RECORDS PROVIDED:
========

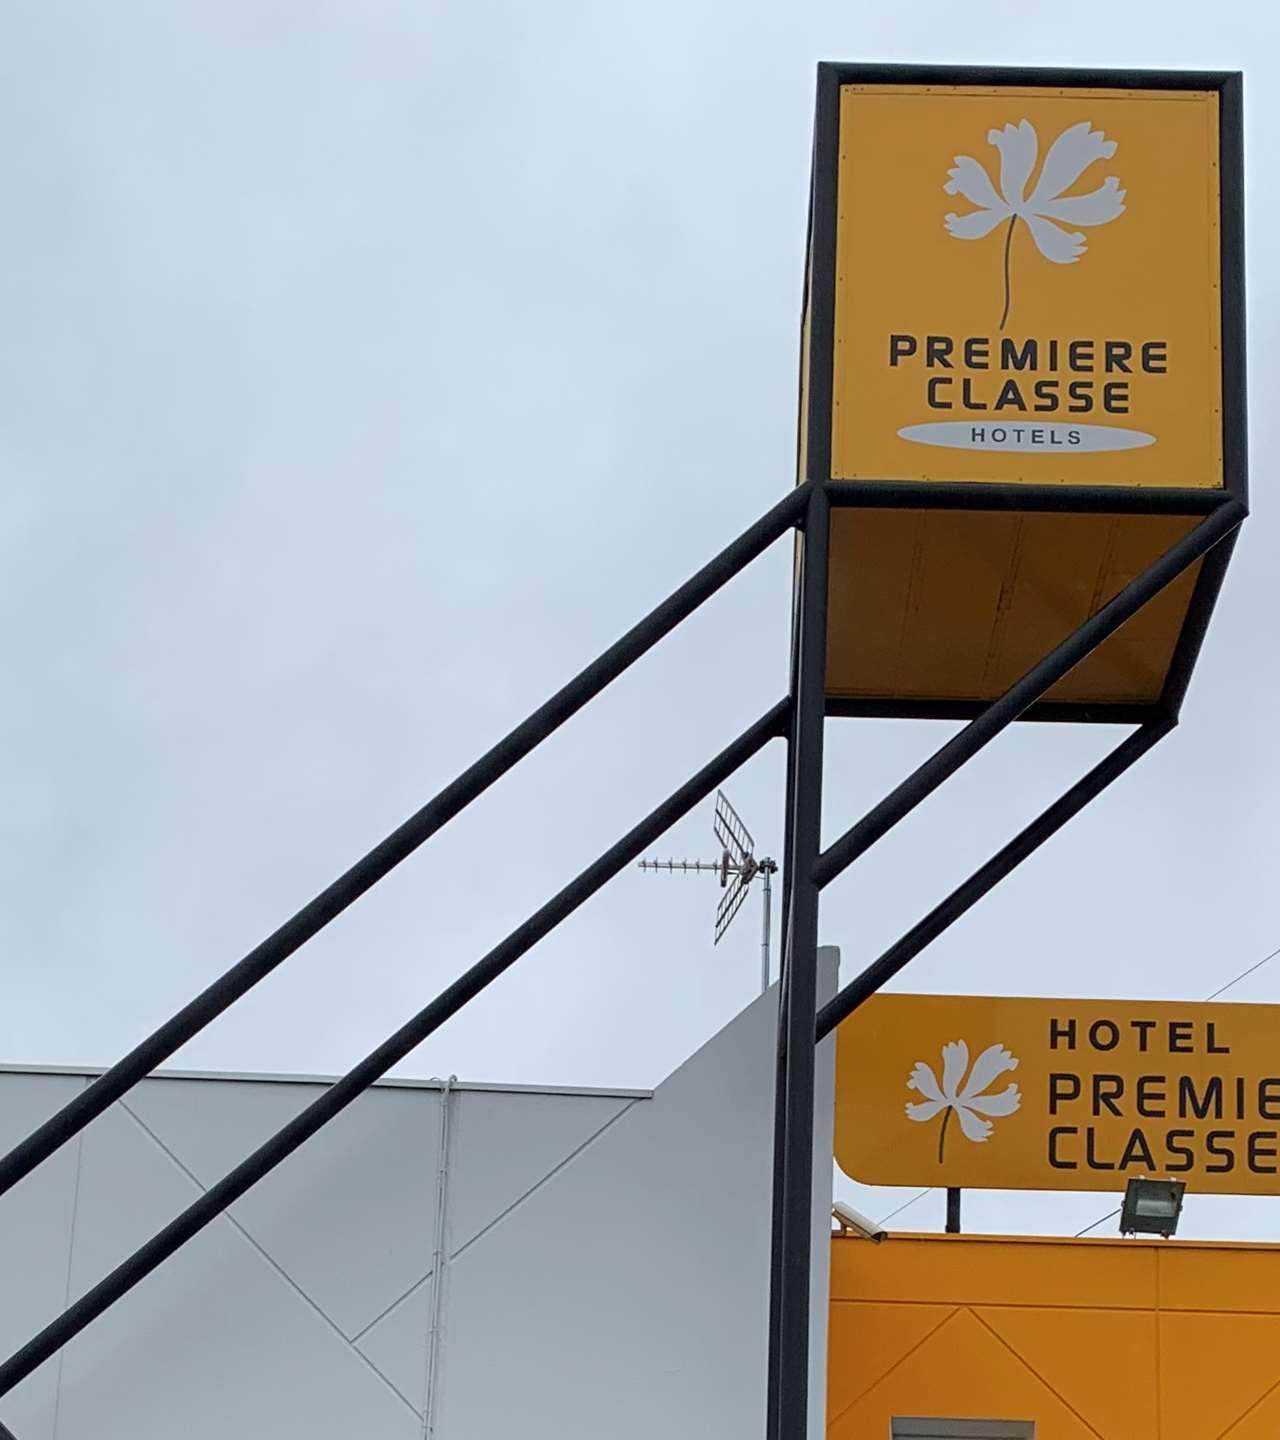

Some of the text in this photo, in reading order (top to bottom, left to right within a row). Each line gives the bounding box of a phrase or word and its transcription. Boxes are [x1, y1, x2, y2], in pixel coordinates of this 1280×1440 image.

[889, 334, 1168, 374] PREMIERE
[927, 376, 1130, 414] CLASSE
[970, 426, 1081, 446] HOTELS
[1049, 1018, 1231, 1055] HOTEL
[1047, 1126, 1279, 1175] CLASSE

========

Your job is to reproduce the material exactly. Keep pictures out of it.

ANSWER SPACE:
Some of the text in this photo, in reading order (top to bottom, left to right within a row). Each line gives the bounding box of a phrase or word and its transcription. Boxes are [x1, y1, x2, y2], in pixel coordinates of this 1280×1440 image.

[889, 334, 1168, 374] PREMIERE
[927, 376, 1130, 414] CLASSE
[970, 426, 1081, 446] HOTELS
[1049, 1018, 1231, 1055] HOTEL
[1047, 1126, 1279, 1175] CLASSE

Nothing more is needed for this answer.